ATLANTA —The American Civil Liberties Union, the ACLU of Georgia and the law firm Buckley Beal LLP announced a settlement today on behalf of a woman who alleged that she was fired from her job in 2016 because her period leaked.
The woman, Alicia Coleman, had been employed through a job training and employment agency in Fort Benning, Georgia as a 911 operator, a job she had held for nearly a decade. She alleged that she was terminated from her job after her period came on unexpectedly while at work. Because she was going through menopause, her period had become irregular and could be very sudden and heavy. She said that after her period leaked on two occasions several months apart, her employer fired her, claiming that it was because she had failed to use proper hygiene.

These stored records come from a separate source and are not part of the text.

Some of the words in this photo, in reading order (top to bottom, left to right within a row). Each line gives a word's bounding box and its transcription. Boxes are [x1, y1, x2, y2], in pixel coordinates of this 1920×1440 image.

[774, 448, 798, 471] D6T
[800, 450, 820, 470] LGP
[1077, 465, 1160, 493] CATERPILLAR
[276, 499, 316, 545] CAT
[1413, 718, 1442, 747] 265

“I worked hard all my life, and I loved my job. I hope my speaking out will encourage other women who believe they have suffered discrimination in any form to come forward,” said Ms. Coleman
Ms. Coleman initially filed her case in federal court in the Middle District of Georgia, in January of 2017. That court dismissed her case, finding that she had not adequately alleged that what happened to her was a form of sex discrimination. The ACLU then took up her case and appealed to the Eleventh Circuit Court of Appeals, arguing that premenopause and the associated sudden-onset heavy menstruation should be considered protected under Title VII of the Civil Rights Act of 1964, the federal law that prohibits workplace discrimination on the basis of sex, including “pregnancy, childbirth, and related medical conditions.”
However, the ACLU reached a settlement with her employer, the Bobby Dodd Institute, before the appeal could be heard. The terms of the settlement are confidential.

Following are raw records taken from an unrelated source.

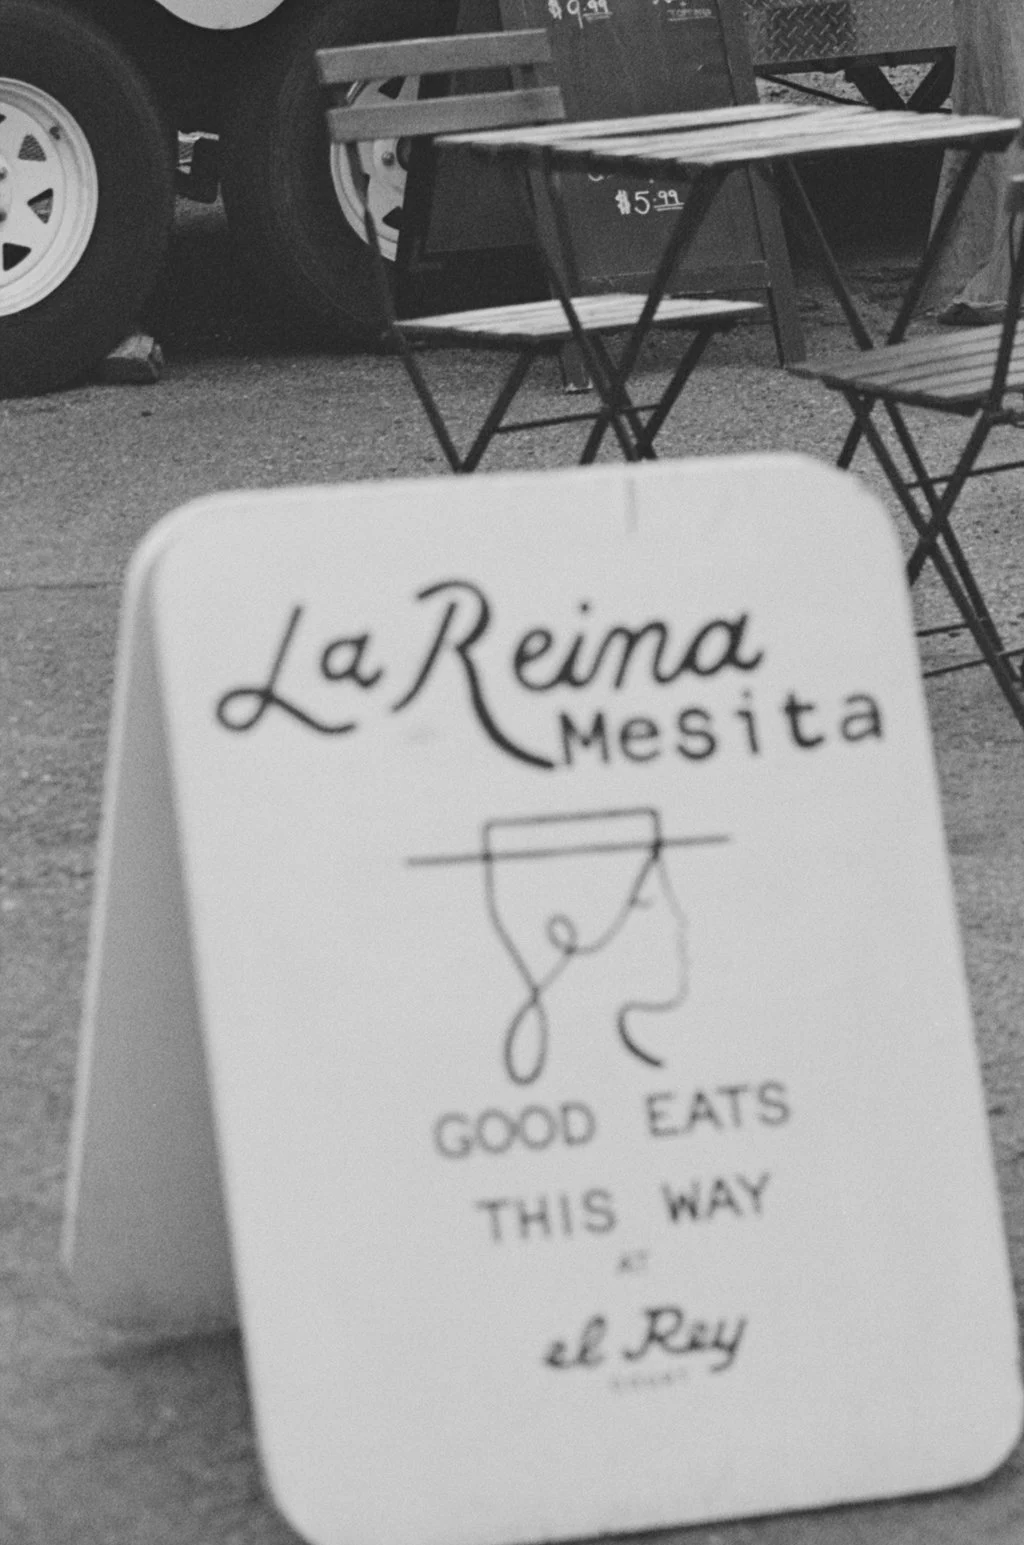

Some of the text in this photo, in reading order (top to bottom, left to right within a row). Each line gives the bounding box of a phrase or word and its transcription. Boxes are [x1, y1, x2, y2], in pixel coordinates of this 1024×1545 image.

[615, 189, 681, 215] $5.99
[215, 580, 765, 771] La Reina
[556, 689, 885, 768] Mesita
[432, 1080, 792, 1160] GOOD EATS
[473, 1170, 772, 1243] THIS WAY
[621, 1304, 749, 1374] Rey
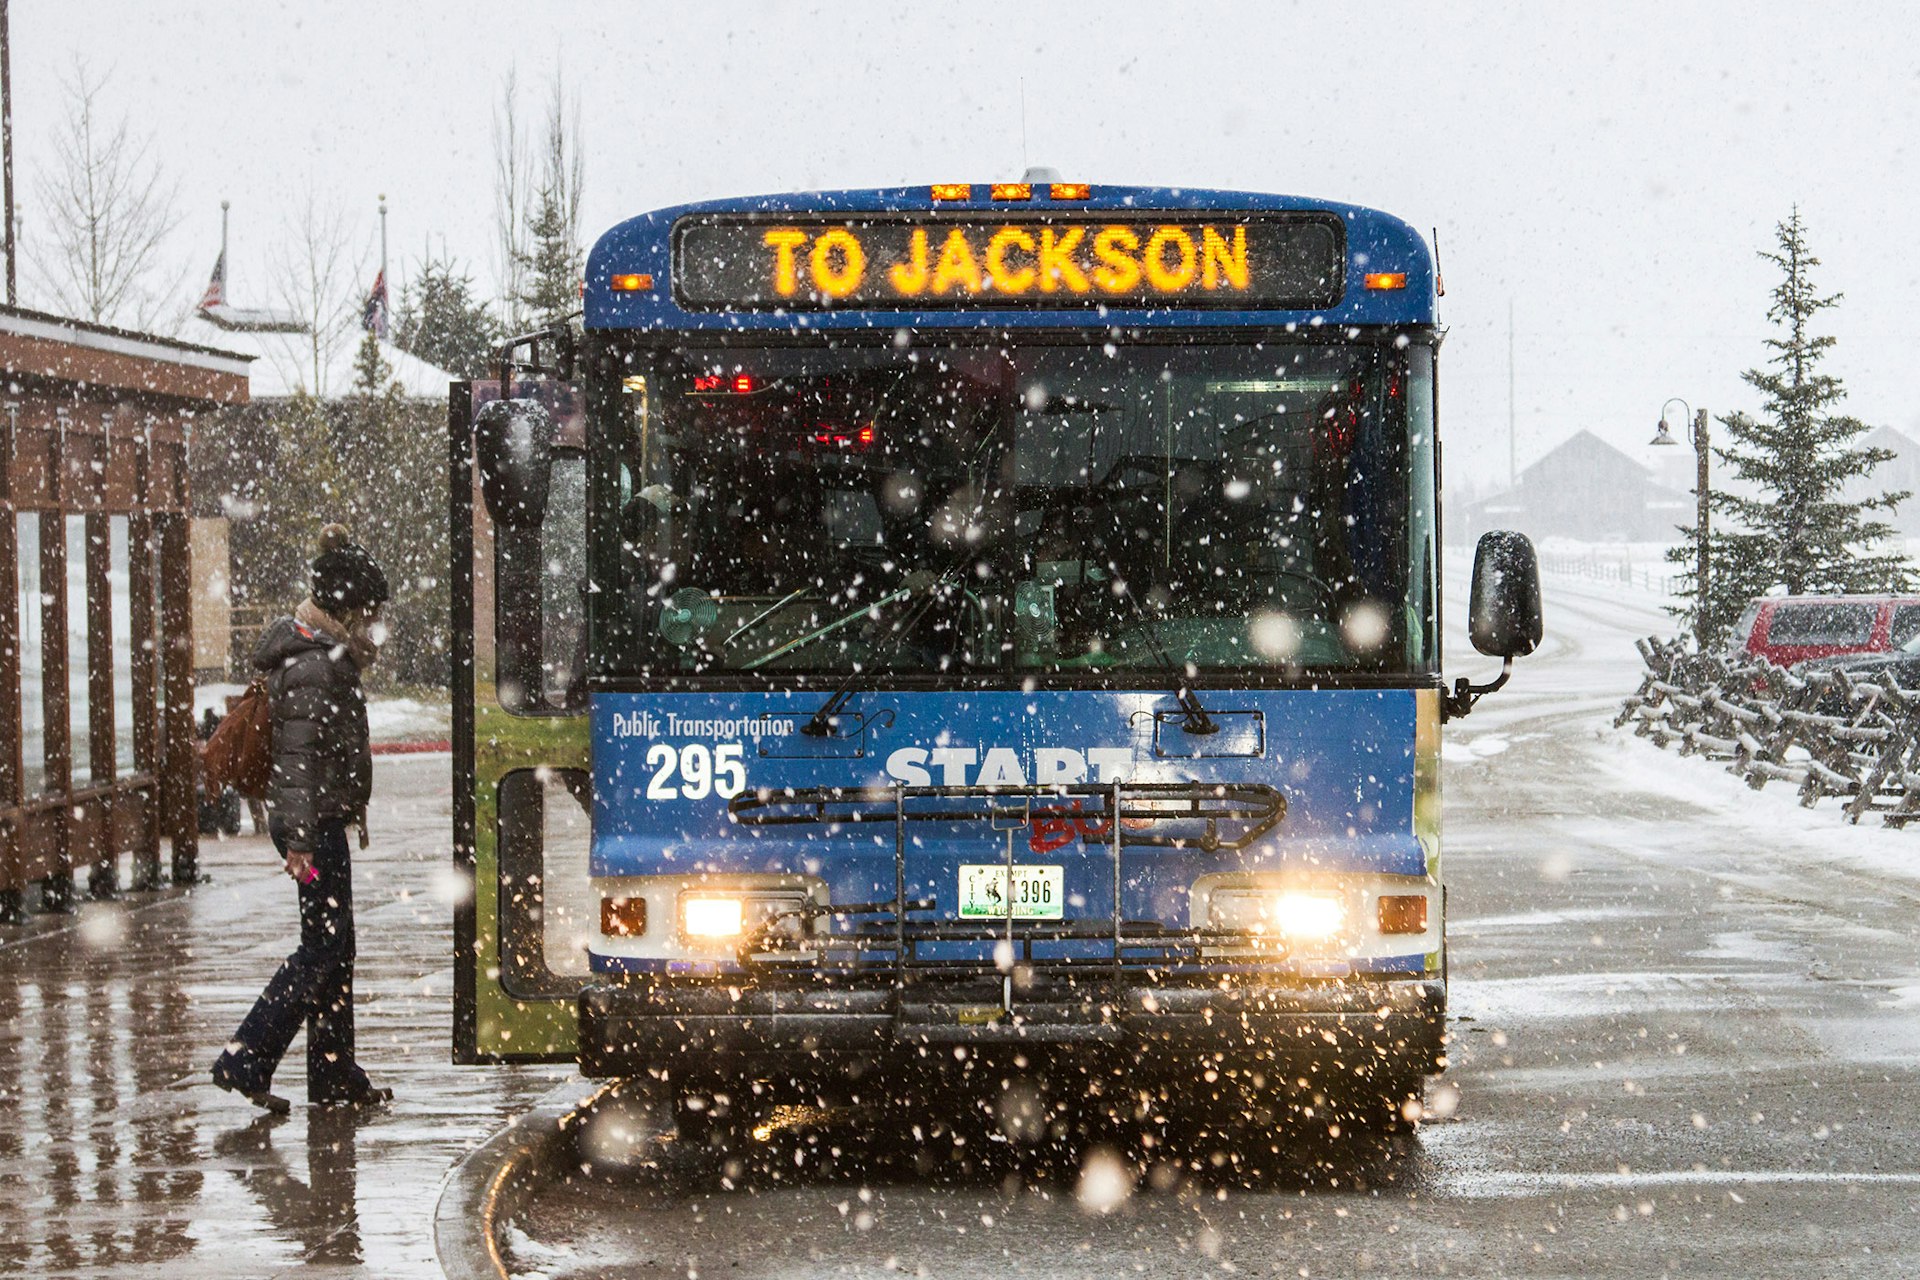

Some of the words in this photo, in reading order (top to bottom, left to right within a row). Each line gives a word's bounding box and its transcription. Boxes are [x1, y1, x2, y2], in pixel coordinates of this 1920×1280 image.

“It’s a shame that Ms. Coleman never got her day in court, but we are happy that we were able to arrive at a settlement for our client,” said Sean J. Young, Legal Director of the ACLU of Georgia. “Ms. Coleman’s courage in speaking out helped to start an important conversation about women and periods in the workplace, and to challenge taboos that treat simple biological facts experienced by half the population as shameful.”

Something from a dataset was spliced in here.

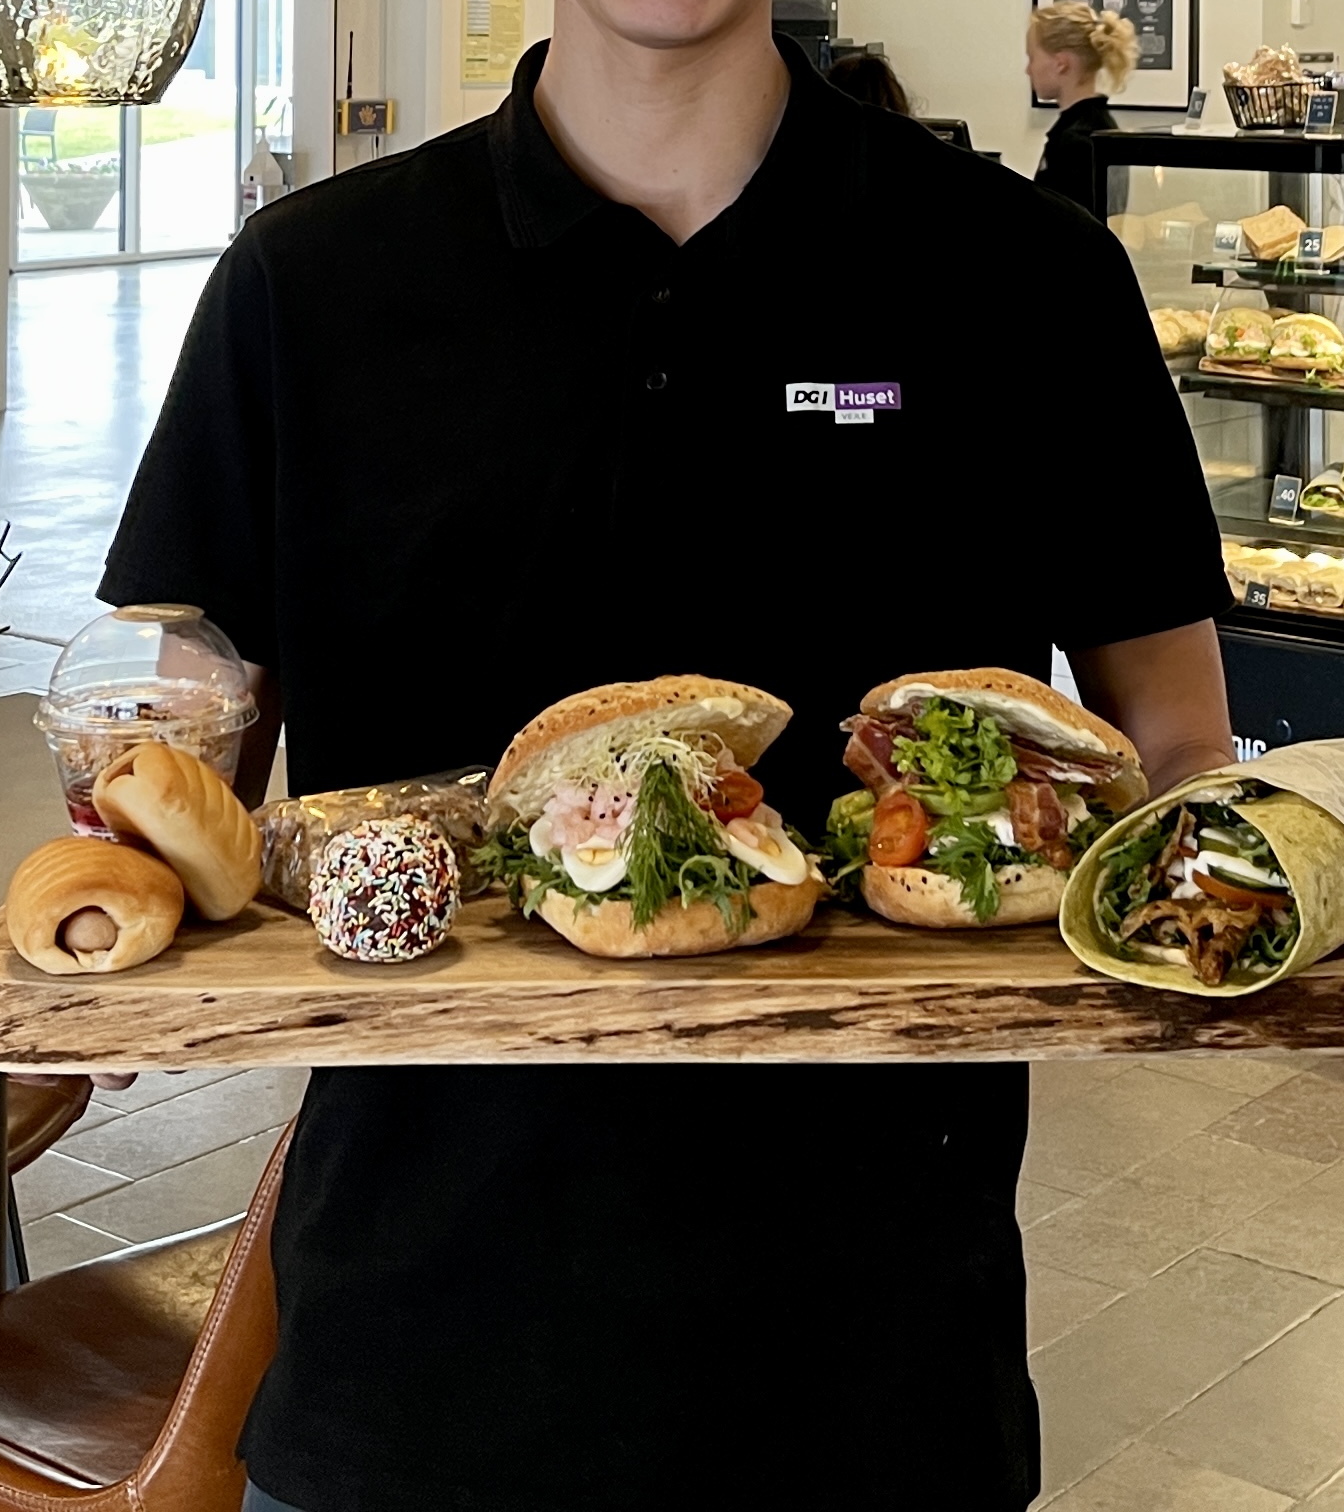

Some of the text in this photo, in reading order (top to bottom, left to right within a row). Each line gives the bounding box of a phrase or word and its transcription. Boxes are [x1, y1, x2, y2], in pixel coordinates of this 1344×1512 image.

[1304, 239, 1320, 252] 25
[793, 389, 895, 405] DGI Huset
[1280, 489, 1296, 502] 40

The ACLU took up Ms. Coleman’s case as a part of its longstanding effort to ensure an equal playing field for women at work, and achieve a workplace that does not penalize female employees at any stage of their lifespan because of their reproductive function.
“Although Title VII has been the law for 53 years, and the Pregnancy Discrimination Act is about to turn 40, full equality for women at work is unfortunately still out of reach for too many women.” said Brian J. Sutherland, a partner with the Atlanta law firm of Buckley Beal, LLP. “We are very pleased to have partnered with the ACLU in advocating for Ms. Coleman and achieving a positive outcome in her case.”